RECORDS SHOWN START
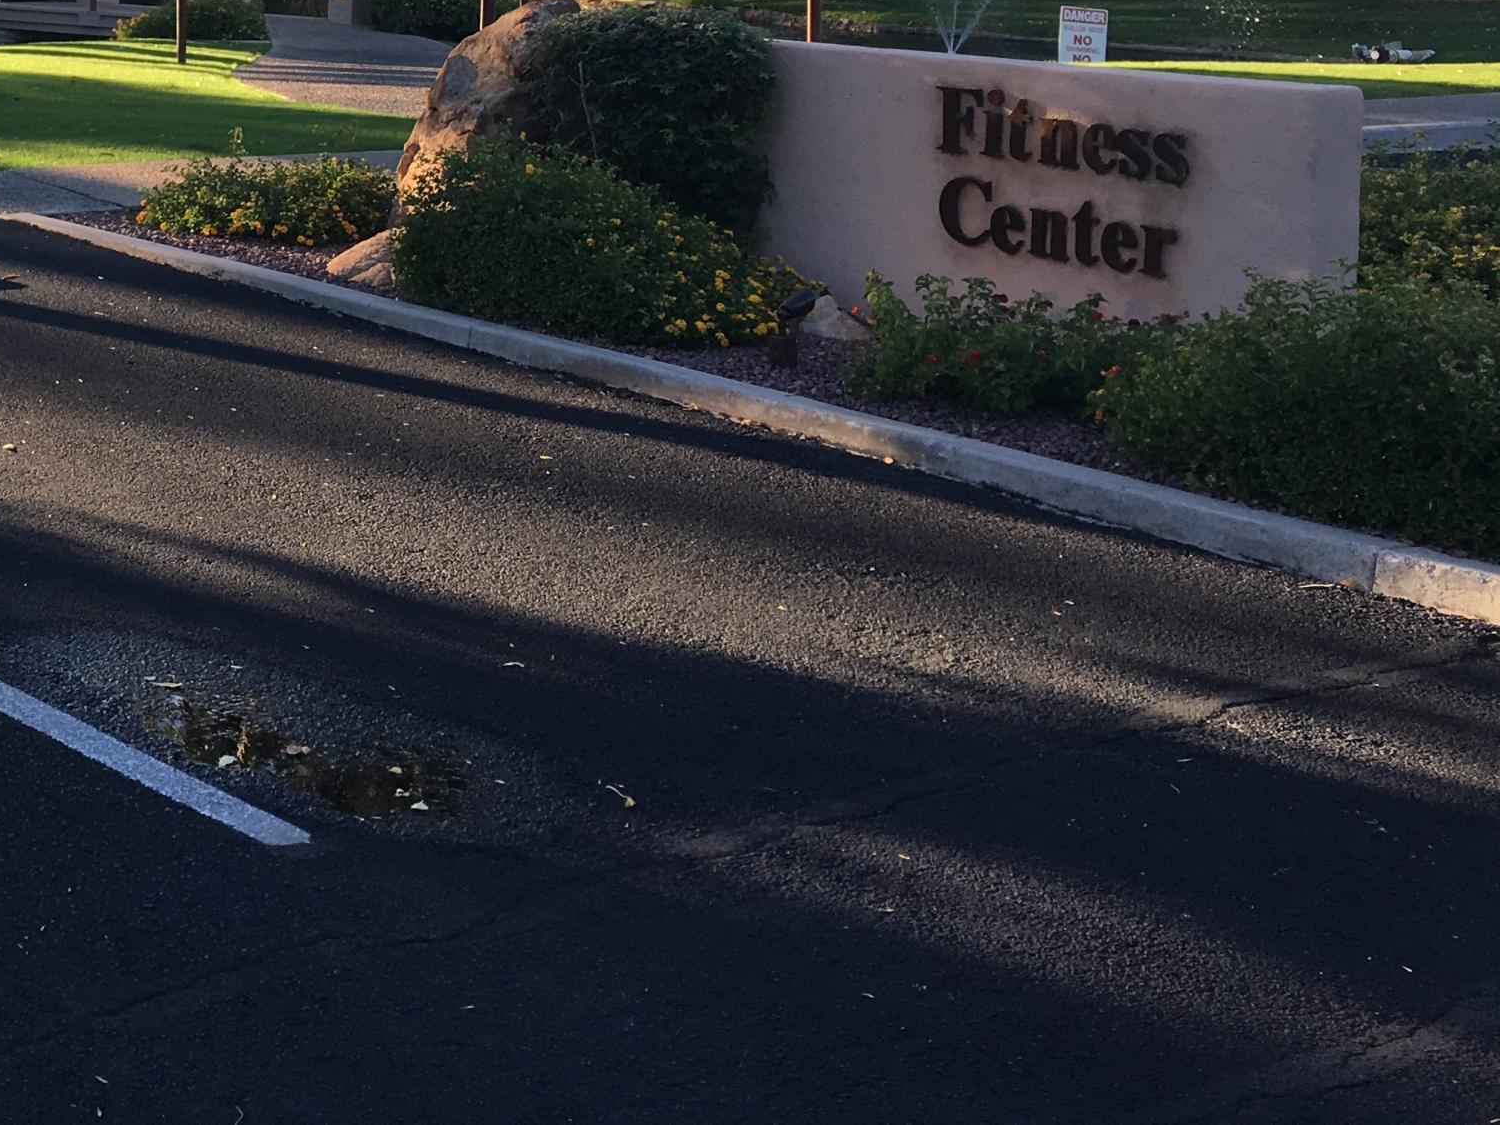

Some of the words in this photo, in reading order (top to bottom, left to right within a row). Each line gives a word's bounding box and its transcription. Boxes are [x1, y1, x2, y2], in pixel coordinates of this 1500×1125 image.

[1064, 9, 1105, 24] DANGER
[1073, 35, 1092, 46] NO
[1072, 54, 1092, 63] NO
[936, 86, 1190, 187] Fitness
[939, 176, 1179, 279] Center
RECORDS SHOWN END
Return the records above exactly as written. Do not include their images.

Some of the words in this photo, in reading order (top to bottom, left to right within a row). Each line gives a word's bounding box and its transcription. Boxes are [x1, y1, x2, y2], in pixel coordinates of this 1500×1125 image.

[1064, 9, 1105, 24] DANGER
[1073, 35, 1092, 46] NO
[1072, 54, 1092, 63] NO
[936, 86, 1190, 187] Fitness
[939, 176, 1179, 279] Center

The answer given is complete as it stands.